We believe that the obligations to drill found in the present lease arrangement--namely, express obligations in the primary term and for protection from drainage, and implied otherwise in the various obligations of prudent operation--are best said to be correlative and incidental of the real rights transferred by it, namely, the exclusive power to prospect for, produce, and take possession of oil and gas. It is pertinent to this decision that the lessee may abandon its exclusive right and, thus, its duty to drill, and that the lessor's remedy for the lessee's failure to drill is cancellation of the lease. This is so because the duty to drill flows directly from the real rights created by the lease agreement. We hold that such an obligation is not the kind that would make the lessee a general contractor so that the drilling contractor may be considered a "subcontractor" within the meaning of the LHWCA.

   In sum, the Fifth Circuit concluded that Exxon is most appropriately considered as the owner of a real right, when it engaged the drilling services of DT. It was not a general contractor passing its own purely contractual obligation to its subcontractor.

[Topic 4.1.1 Contractor/Subcontractor Liability]

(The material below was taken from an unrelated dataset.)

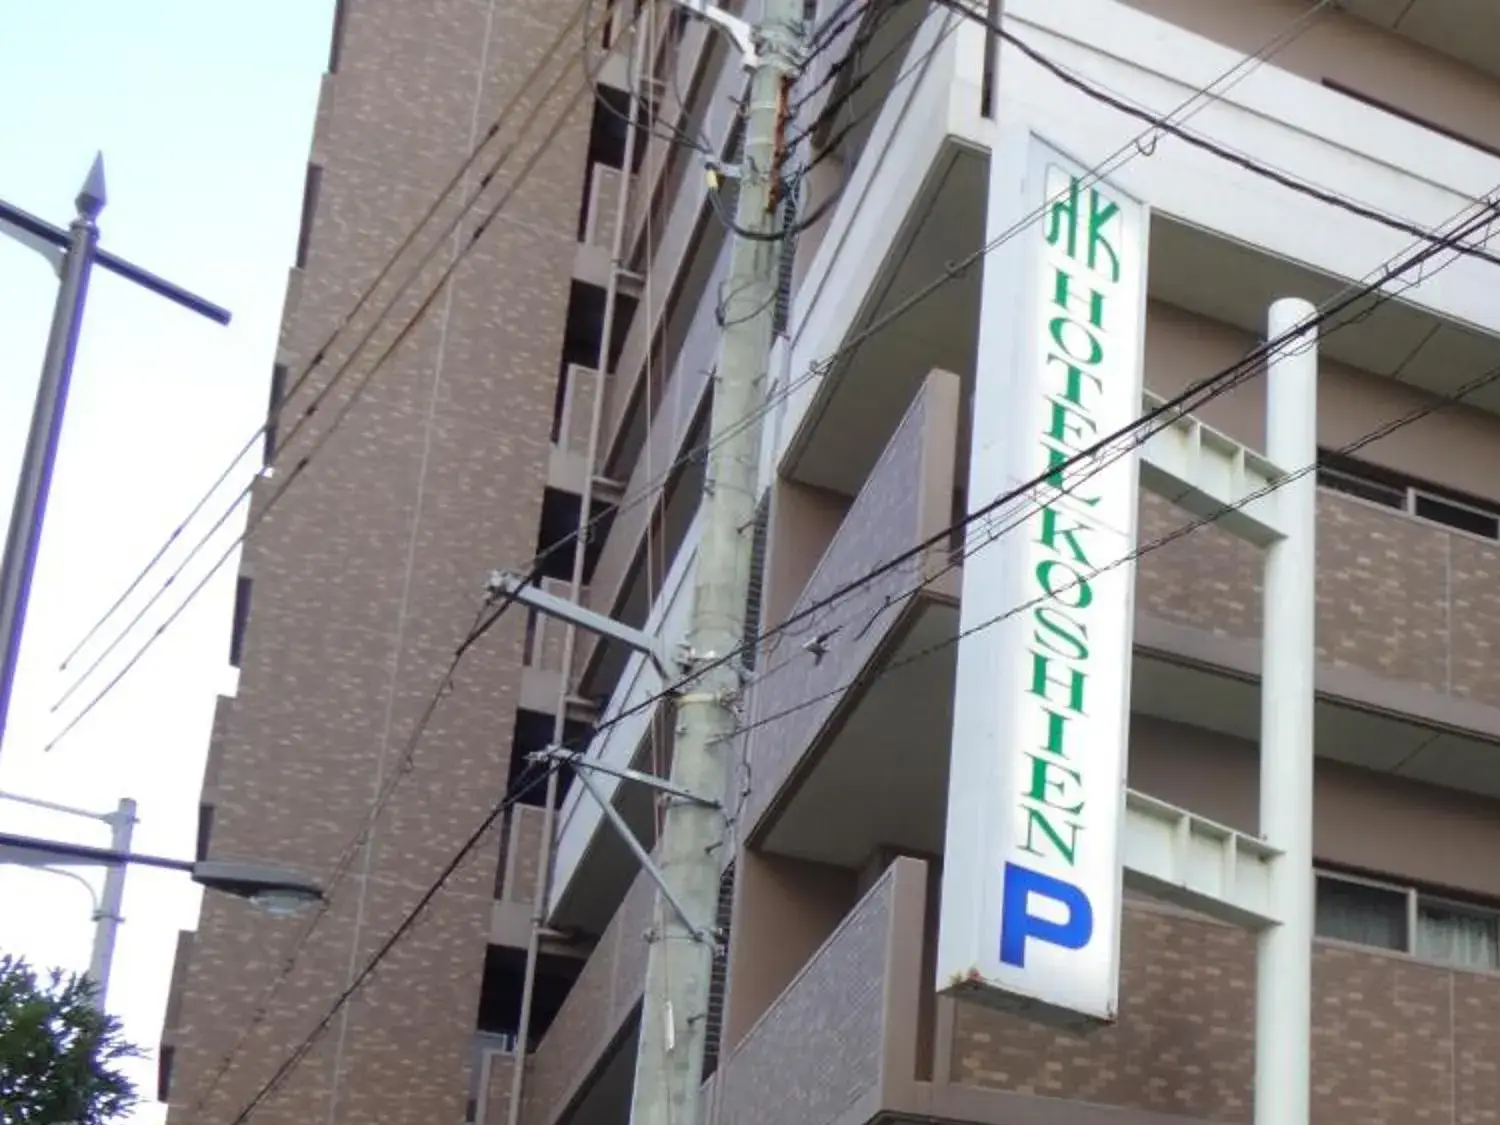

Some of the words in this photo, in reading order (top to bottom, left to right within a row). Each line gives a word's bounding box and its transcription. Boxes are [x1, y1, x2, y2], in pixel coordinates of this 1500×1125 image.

[1040, 266, 1107, 506] HOTEL
[1017, 504, 1098, 867] KOSHIEN
[1000, 861, 1094, 969] P

   B. Benefits Review Board

   In Gonzalez v. Merchants Building Maintenance, ___ B.R.B.S. ___, BRB No. 98-1633 (Sept. 21, 1999), Claimant's deceased spouse had worked at the shipyard. His job duties involved the cleaning and restocking of restrooms and portable toilets throughout the shipyard, including performing these services in bathroom facilities located aboard ships approximately two to three times a day. The worker had injured his elbow while cleaning a restroom located in the shipyard building. The ALJ found that the worker was not covered under Section 2(3) of the LHWCA as he was not engaged in loading, unloading, repairing, or building a vessel, and thus, his de minimis connection to maritime activity is insufficient to fulfill the status requirement of the LHWCA.

   Claimant appealed arguing that her husband's duties aboard ships facilitated the work of those actually building the ships, and thus, served as an integral part of the shipbuilding process. Claimant also argued that her claim falls within the jurisdiction and coverage of the LHWCA since at least some of decedent's work was performed aboard ships and he was injured on a covered situs.

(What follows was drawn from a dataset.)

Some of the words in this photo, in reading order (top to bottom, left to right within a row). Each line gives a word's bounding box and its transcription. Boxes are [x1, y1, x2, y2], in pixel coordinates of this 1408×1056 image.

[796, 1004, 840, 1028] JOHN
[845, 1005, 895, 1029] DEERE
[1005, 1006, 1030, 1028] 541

   In affirming the ALJ, the Board noted that the decedent's duties were not essential to the overall loading, unloading, building or repairing of vessels. In reaching this conclusion the Board cited Chesapeake & Ohio Ry. Co. v. Schwalb, 493 U.S. 40, 23 B.R.B.S. 96 (CRT) (1989) as holding that the maritime employment requirement as applied to land-based workers whose jobs are not enumerated in Section 2(3) is an occupational test focusing on loading and unloading. In Schwalb, the claimants sustained injuries while repairing and maintaining equipment essential to the loading and unloading processes and were found to be covered under the LHWCA as the process would not continue without the functions of these workers. Applying the "Schwalb test" to the instant case, the Board found that the ALJ rationally found that the decedent's work in the instant case falls short of being integral to loading, unloading, building, repairing ships.

[Topic 1.7.1 "Maritime Worker" (Maritime Employment")]

   It was held in Galle v. Ingalls Shipbuilding, Inc., ___ B.R.B.S. ___ BRB No. 98-1635 (Sept. 20, 1999) that ALJ Rule of Practice and Procedure at 29 C.F.R. § 18.4 does not govern motions for reconsideration; rather, the Federal Rules of Civil Procedure (FRCP) apply. The main issue in the instant case was whether a motion for reconsideration was timely filed. The Board first noted that the general rules for proceedings before an ALJ at 29 C.F.R. Part 18 do not provide for motions for reconsideration, nor do the longshore regulations at 20 C.F.R. Part 702. Only the Board's regulation addresses this issue in the context of what constitutes a timely appeal to the Board. Thus, the Board found that the federal civil procedural rules govern the filing of these motions. The Board found it necessary to note the historical development of its own regulation at 20 C.F.R. § 802.206 which was enacted in 1987.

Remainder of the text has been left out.